The Ca2⁺ level showed a phase-specific pattern. In the mid phase, erastin decreased Ca2⁺ under normoxia (P < 0.05), whereas the moderate hypoxia (2 mg/L) + erastin group increased Ca2⁺ relative to normoxia group (P < 0.05). Hypoxia alone did not differ from normoxia. In the late phase, only the moderate hypoxia (2 mg/L) + erastin group remained elevated versus normoxia group (P < 0.05) (Fig. 7b). The Fe2 + content displayed a phase-dependent divergence between hypoxia alone and hypoxia with erastin. In the mid phase, moderate hypoxia by itself did not differ from normoxia, whereas erastin increased Fe2⁺ under moderate hypoxia (P < 0.05). By the late phase, The Fe2 + contents decreased below normoxia with moderate hypoxia alone, while the moderate hypoxia (2 mg/L) + erastin group remained elevated above normoxia group (P < 0.05) (Fig. 7c).

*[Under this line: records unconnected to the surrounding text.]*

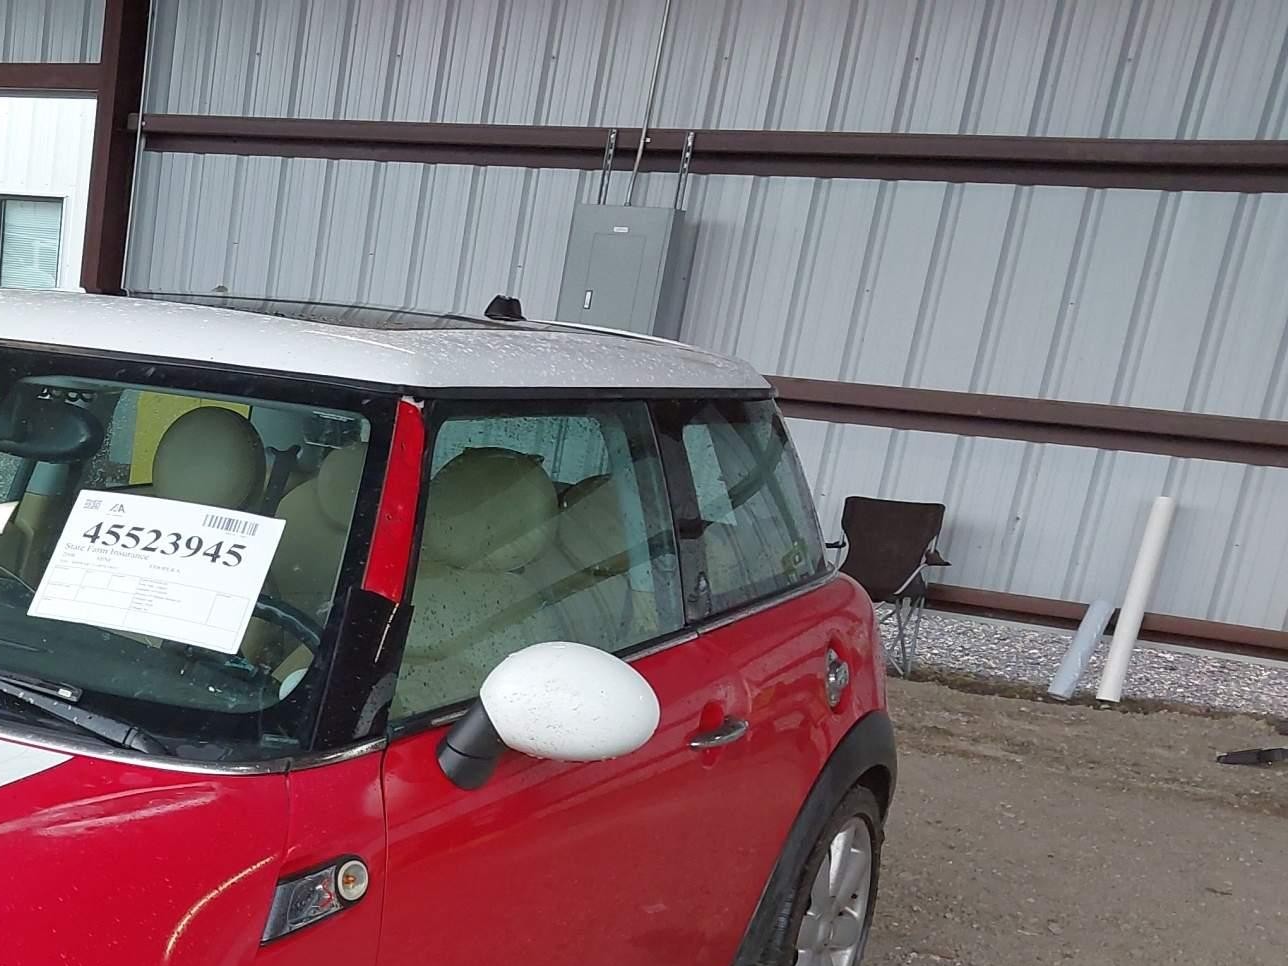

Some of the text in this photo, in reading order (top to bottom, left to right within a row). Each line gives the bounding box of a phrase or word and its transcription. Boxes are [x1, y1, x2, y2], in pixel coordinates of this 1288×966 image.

[64, 542, 86, 552] State
[86, 545, 109, 555] Farm
[110, 548, 150, 561] Insurance
[83, 521, 247, 567] 45523945
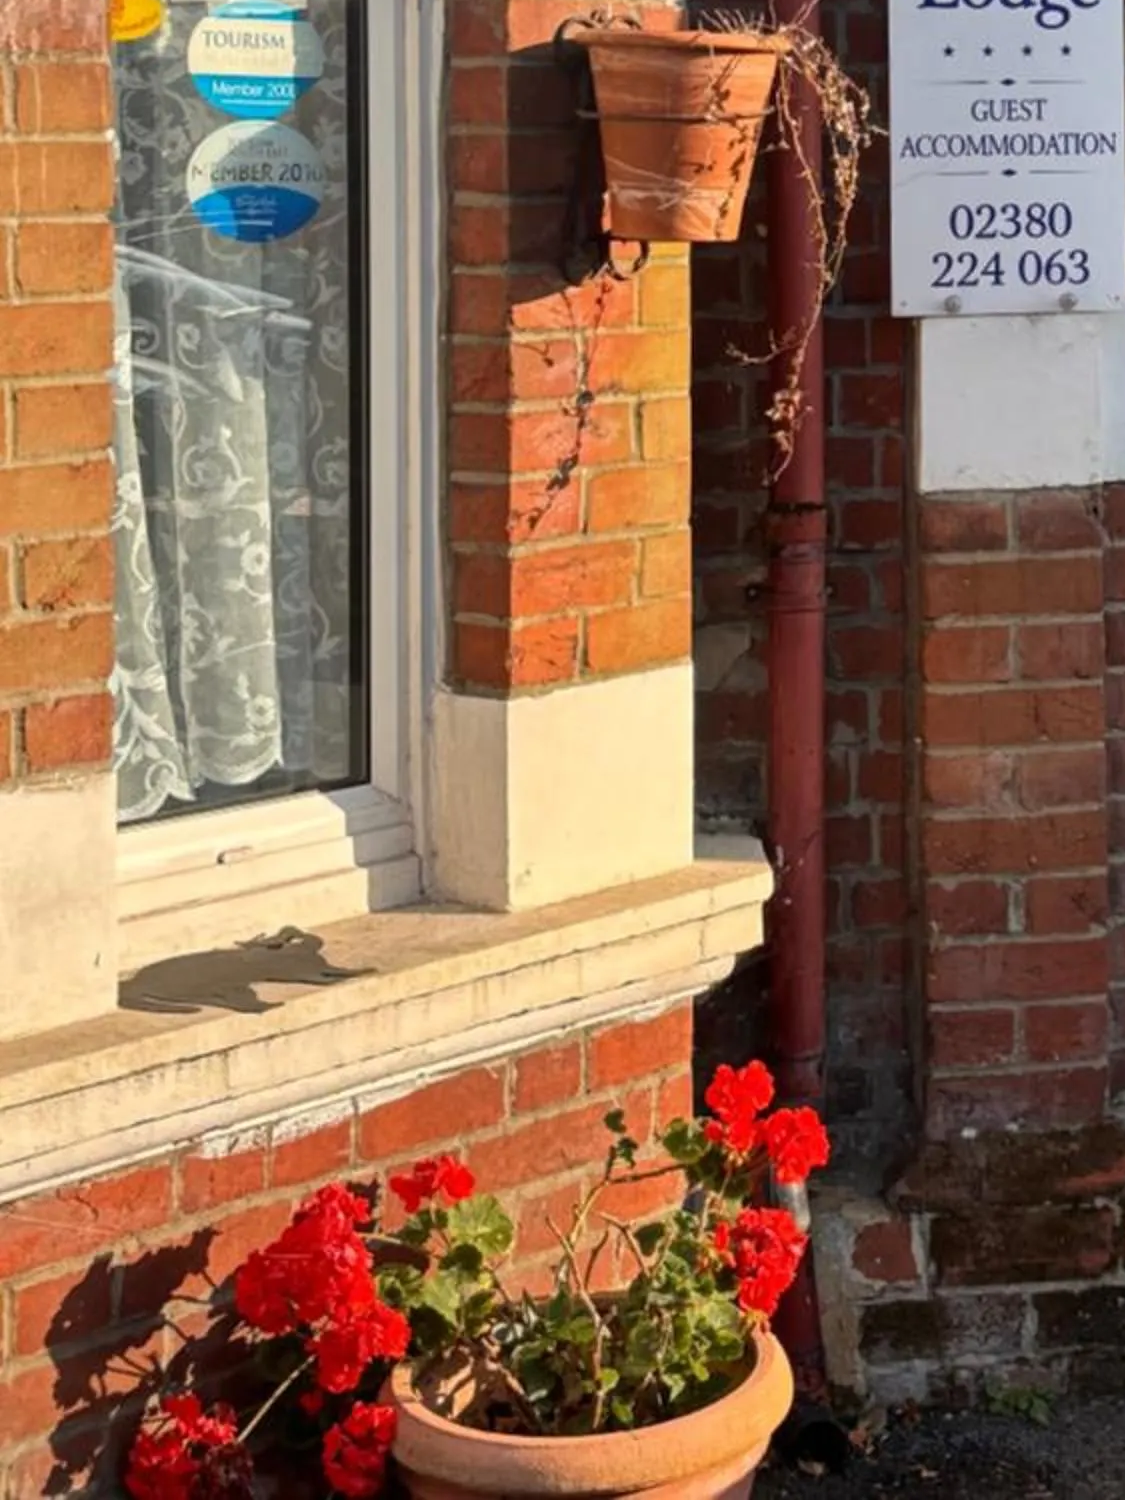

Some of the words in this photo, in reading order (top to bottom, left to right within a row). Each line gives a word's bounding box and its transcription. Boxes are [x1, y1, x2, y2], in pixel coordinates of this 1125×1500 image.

The MDA content increased under moderate hypoxia in the mid phase, with moderate hypoxia (2 mg/L) + erastin showing a comparable or greater elevation (P < 0.05). By the late phase, moderate hypoxia (2 mg/L) alone rose well above normoxia and moderate hypoxia combined with erastin reached the highest levels, and even normoxia (6 mg/L) + erastin group became significantly elevated relative to normoxia (6 mg/L) group (P < 0.01) (Fig. 7d). Taken together, the convergence of ΔΨm loss, Ca2⁺ perturbation, erastin-sustained elevation of Fe2⁺ under hypoxia, and rising MDA from the mid to late phases delineates a hypoxia-driven trajectory amplified by erastin toward ferroptotic injury.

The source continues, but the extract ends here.